The Minority Spokesperson on Finance, Cassiel Ato Forson, has urged the government to focus on rationalising expenditure by cutting down on projects that are not of priority to the state, as this will help ensure fiscal prudence after the coronavirus pandemic.
According to him, the government will use over 100 per cent of revenue to service debt and pay wages because of the crisis, adding that government should have cut expenditure by now.
He cautioned that if care is not taken, the country would end the year with debt-to-GDP at 70 per cent using the rebased GDP and close to 83 per cent using non-rebased GDP. This would certainly trigger a credit rating downgrade, he said.
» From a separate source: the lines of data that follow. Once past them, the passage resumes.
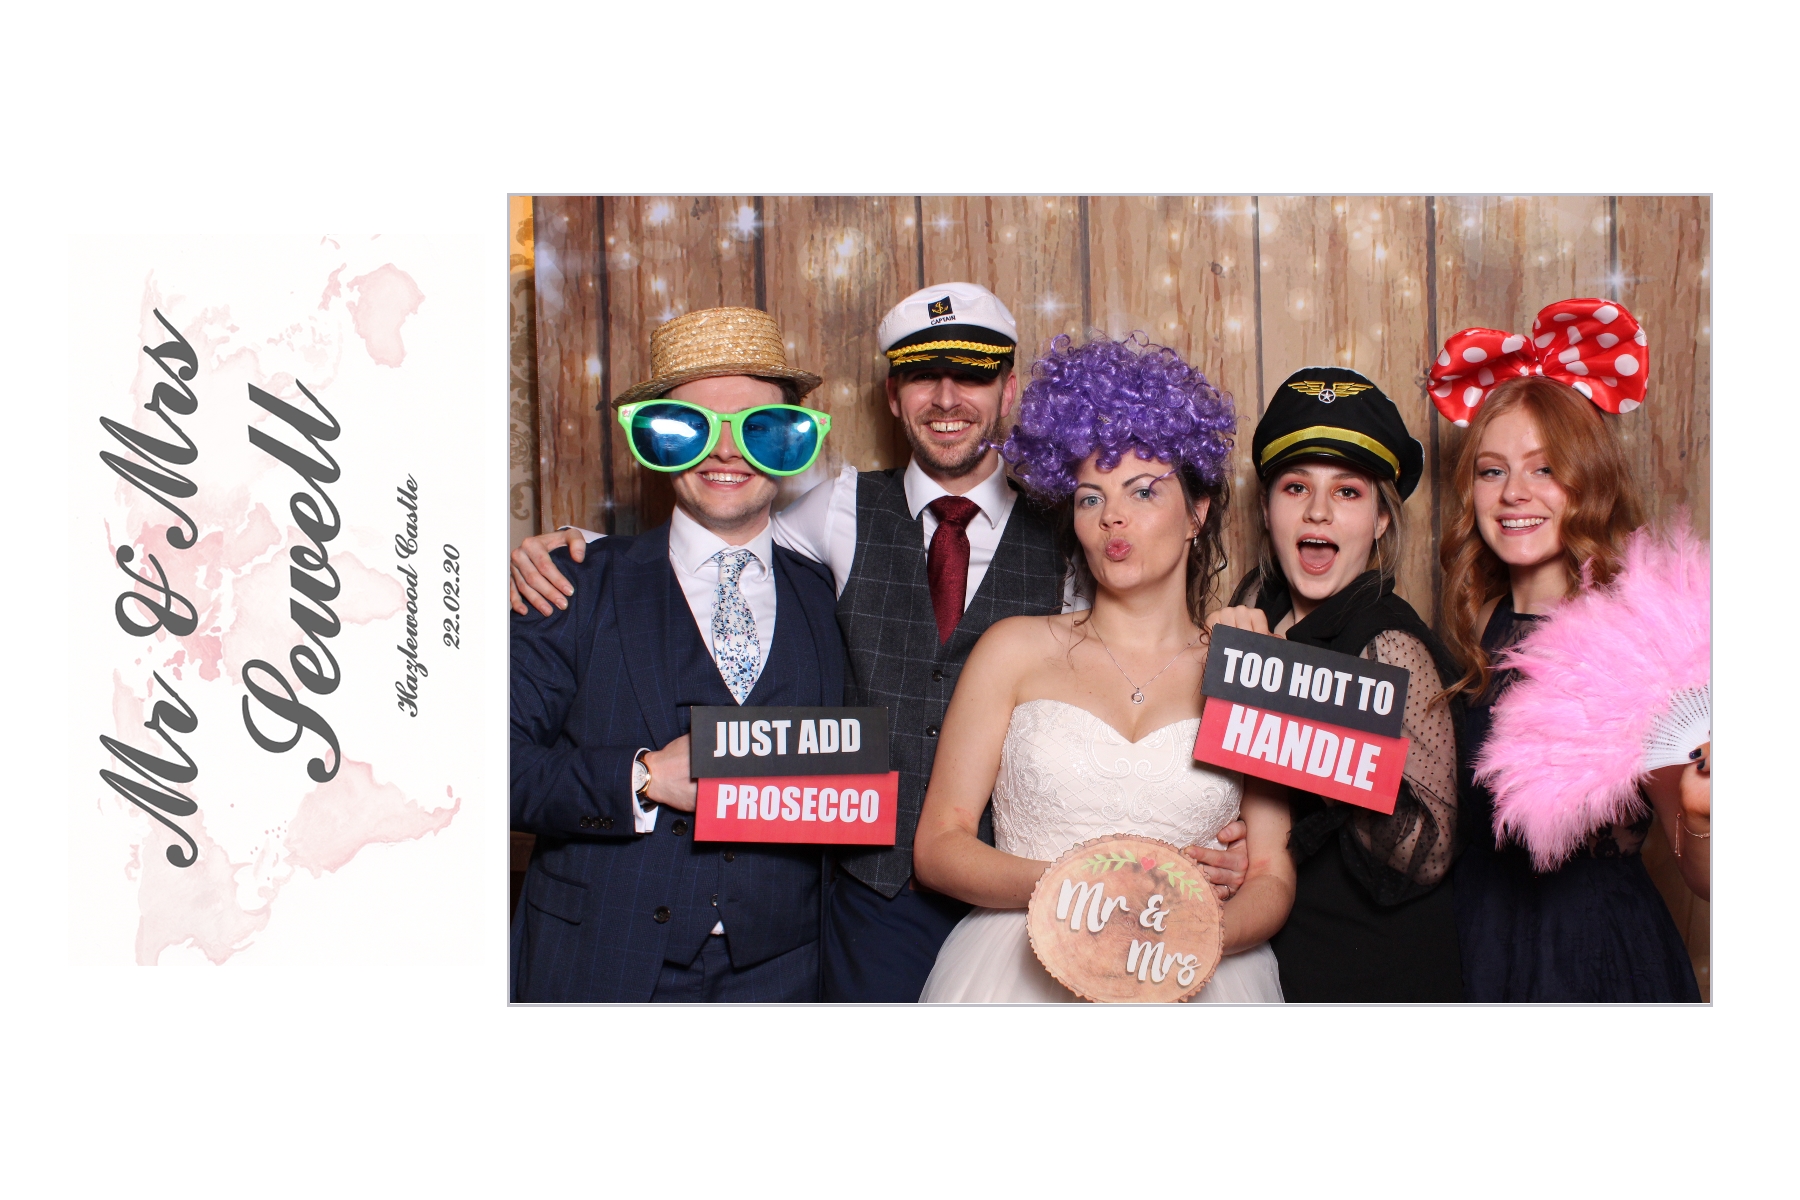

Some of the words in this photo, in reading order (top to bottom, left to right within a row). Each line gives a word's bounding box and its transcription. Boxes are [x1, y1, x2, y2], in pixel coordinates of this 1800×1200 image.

[931, 315, 956, 326] CAPTAIN
[1223, 647, 1284, 693] TOO
[1288, 662, 1353, 707] HOT
[1358, 675, 1395, 716] TO
[713, 719, 792, 758] JUST
[797, 718, 861, 755] ADD
[1221, 703, 1382, 791] HANDLE
[716, 783, 880, 824] PROSECCO
[1056, 878, 1130, 933] Mr
[1139, 894, 1170, 932] &
[1126, 939, 1202, 986] Mrs
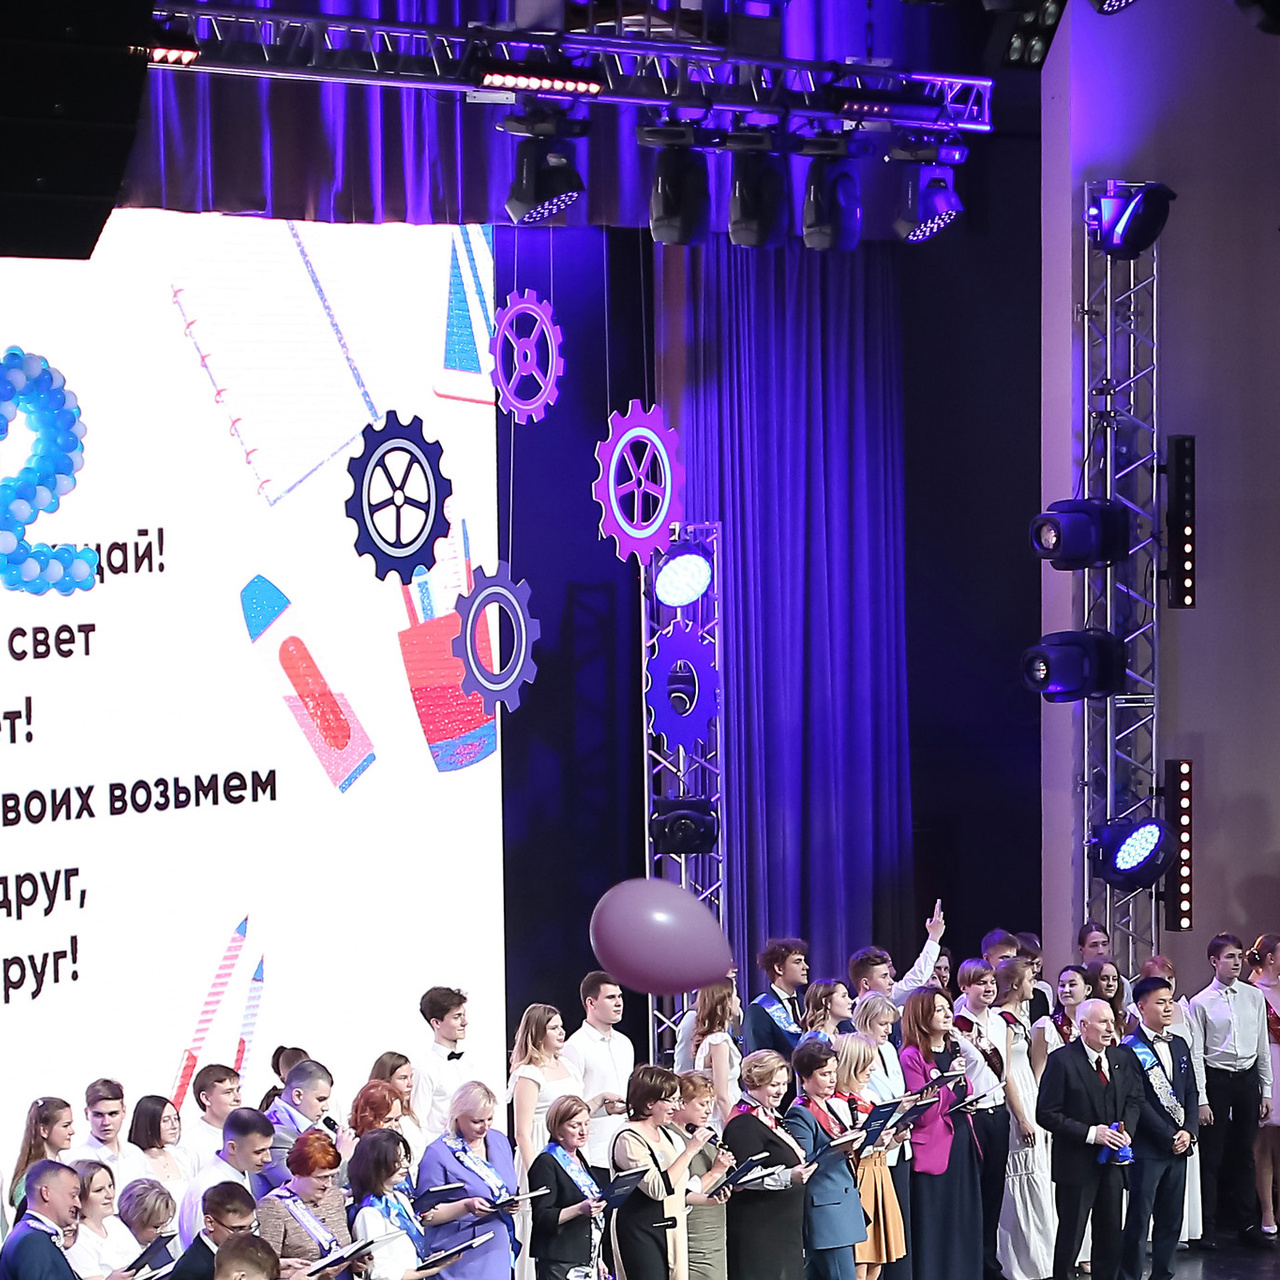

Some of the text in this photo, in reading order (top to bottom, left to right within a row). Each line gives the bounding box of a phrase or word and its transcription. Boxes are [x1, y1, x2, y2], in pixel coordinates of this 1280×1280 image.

[8, 623, 96, 661] свет
[0, 696, 33, 744] т!
[109, 769, 277, 816] возьмем
Already, credit rating agency Fitch is predicting that the country’s debt-to-GDP ratio would rise to about 77 percent by the close of the year due to the massive revenue shortfall caused by the COVID-19 pandemic.
For Mr. Forson, who used to be a Deputy Finance Minister under the previous NDC government, “in times of emergency, the first thing that comes to mind is to look at your budget lines and to reprioritise.
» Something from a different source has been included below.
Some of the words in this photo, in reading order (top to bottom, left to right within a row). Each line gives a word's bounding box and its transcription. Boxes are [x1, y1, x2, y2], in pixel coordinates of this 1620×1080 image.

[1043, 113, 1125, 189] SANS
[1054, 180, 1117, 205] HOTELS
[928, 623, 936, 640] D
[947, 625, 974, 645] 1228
You look at things that you have no choice but to do such as paying wages and salaries, and you look at goods and services and capital expenditure, as well as other discretionary expenditures—those ones you can cut them.”
This is particularly important, he added, because revenues automatically start dwindling during an emergency, with exogenous factors like the fall in crude oil prices affecting the Annual Budget Funding Amount (ABFA), for which reason government should reprogramme expenditure.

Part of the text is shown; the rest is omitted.